Here we encounter two more back-to-back stories in the book of Kings that emphasize the divine accuracy of the prophetic word. Elisha tells two different people exactly what will happen in the future—a woman and the king’s servant—and it is up to them to believe his word and act accordingly. Yet their choice to believe is irrelevant to the outcome. On both occasions, the prophet’s words about the future came to pass, for they are grounded in the foreknowledge of God.

In the context of 1–2 Kings, the point of these stories is to encourage us to shape our understanding of the future—and our actions in the present—by faith in the word of God spoken through His prophets. What a prophet says will always be; it must always be, for it is God’s word, not the personal opinion of the prophet.

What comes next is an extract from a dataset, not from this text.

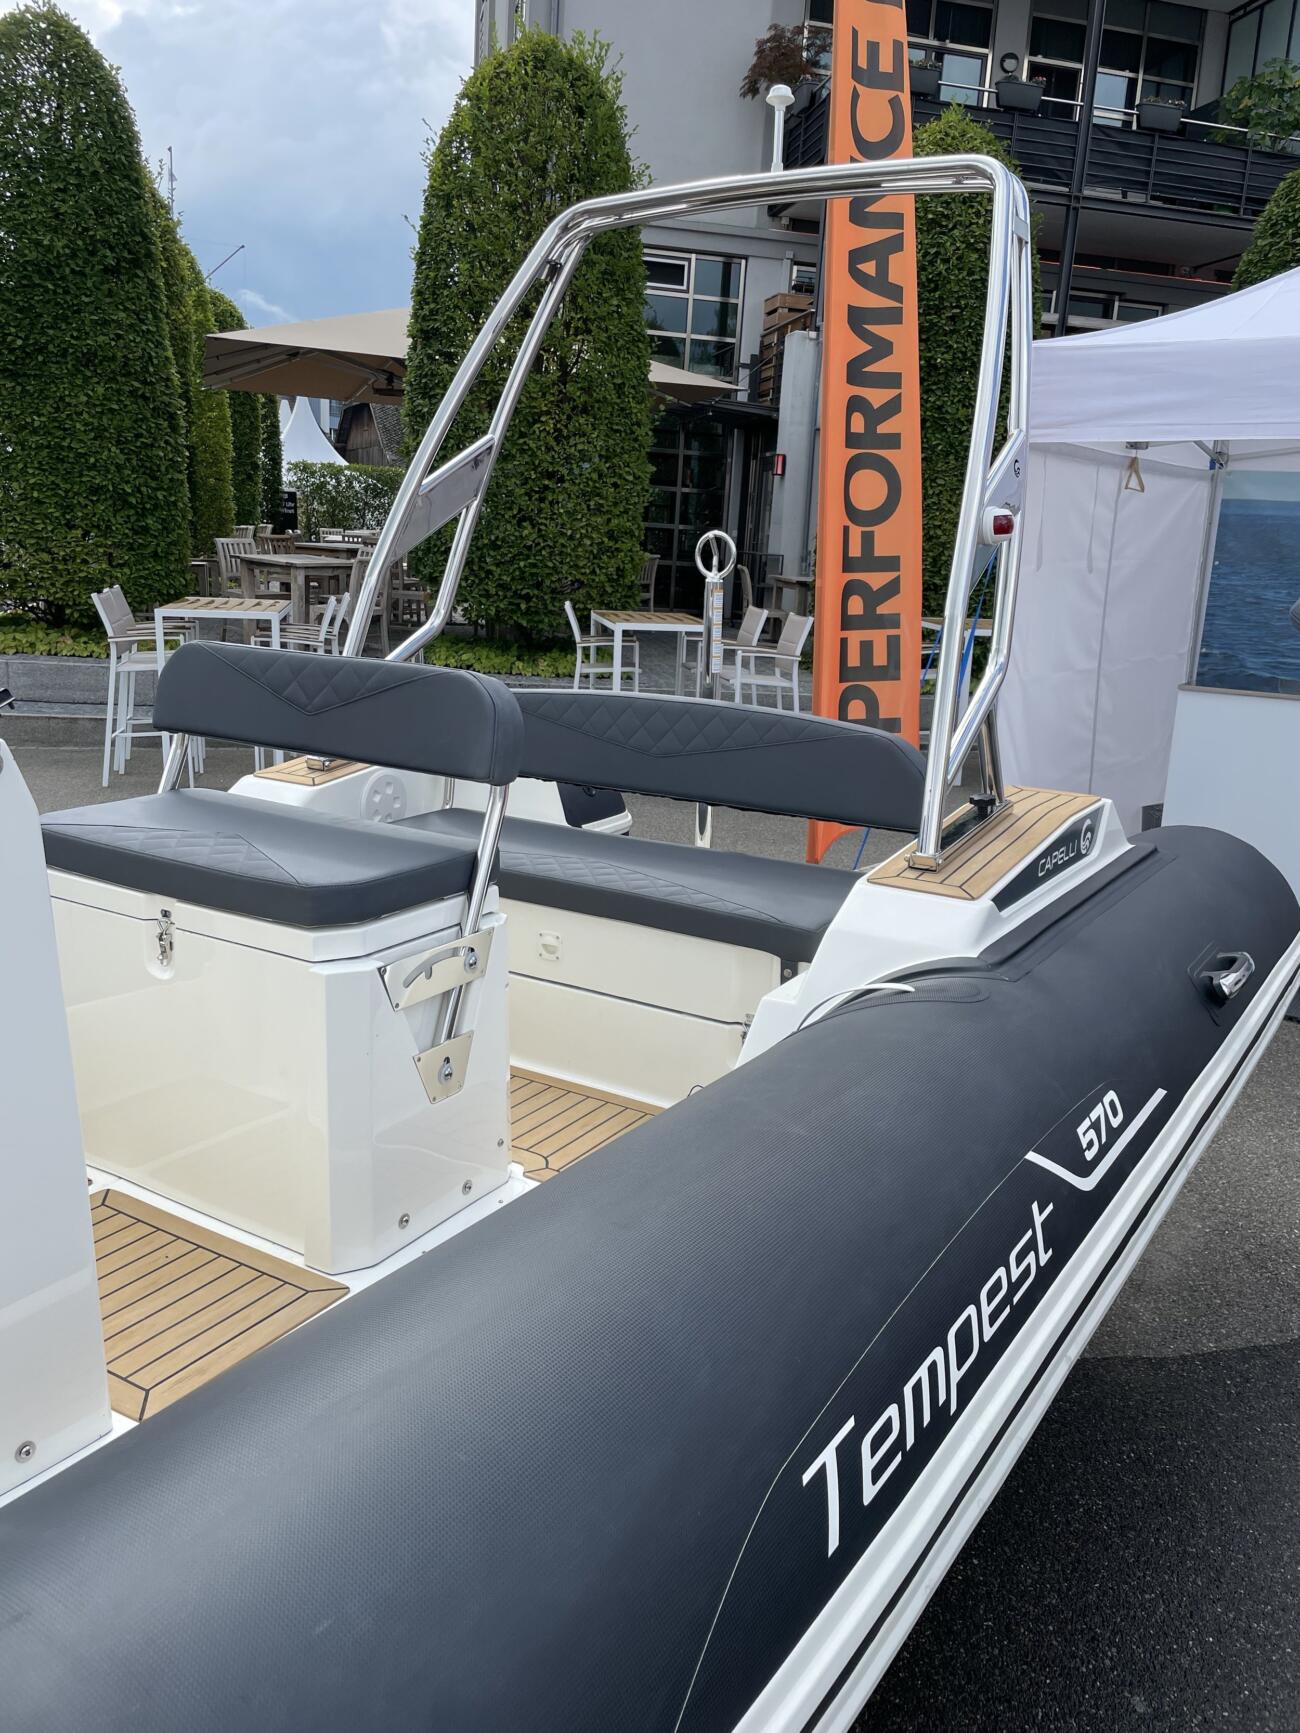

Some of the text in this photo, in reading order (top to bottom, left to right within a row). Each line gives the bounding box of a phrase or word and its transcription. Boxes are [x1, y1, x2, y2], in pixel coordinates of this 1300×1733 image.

So, in hope against hope, and despite the apparent impossibility of fulfillment (e.g., lasting peace in the Middle East, the end of war, universal justice and the knowledge of God, a new Jerusalem, the gift of eternal life, no more death, etc.), let us choose to wait on God, live by faith, and embrace this as the certain outcome of the future.

“For the vision is yet for the appointed time; it hastens toward the goal and it will not fail. Though it tarries, wait for it; for it will certainly come, it will not delay. Behold, as for the proud one, his soul is not right within him; but the righteous will live by his faith” (Hab 2:3–4).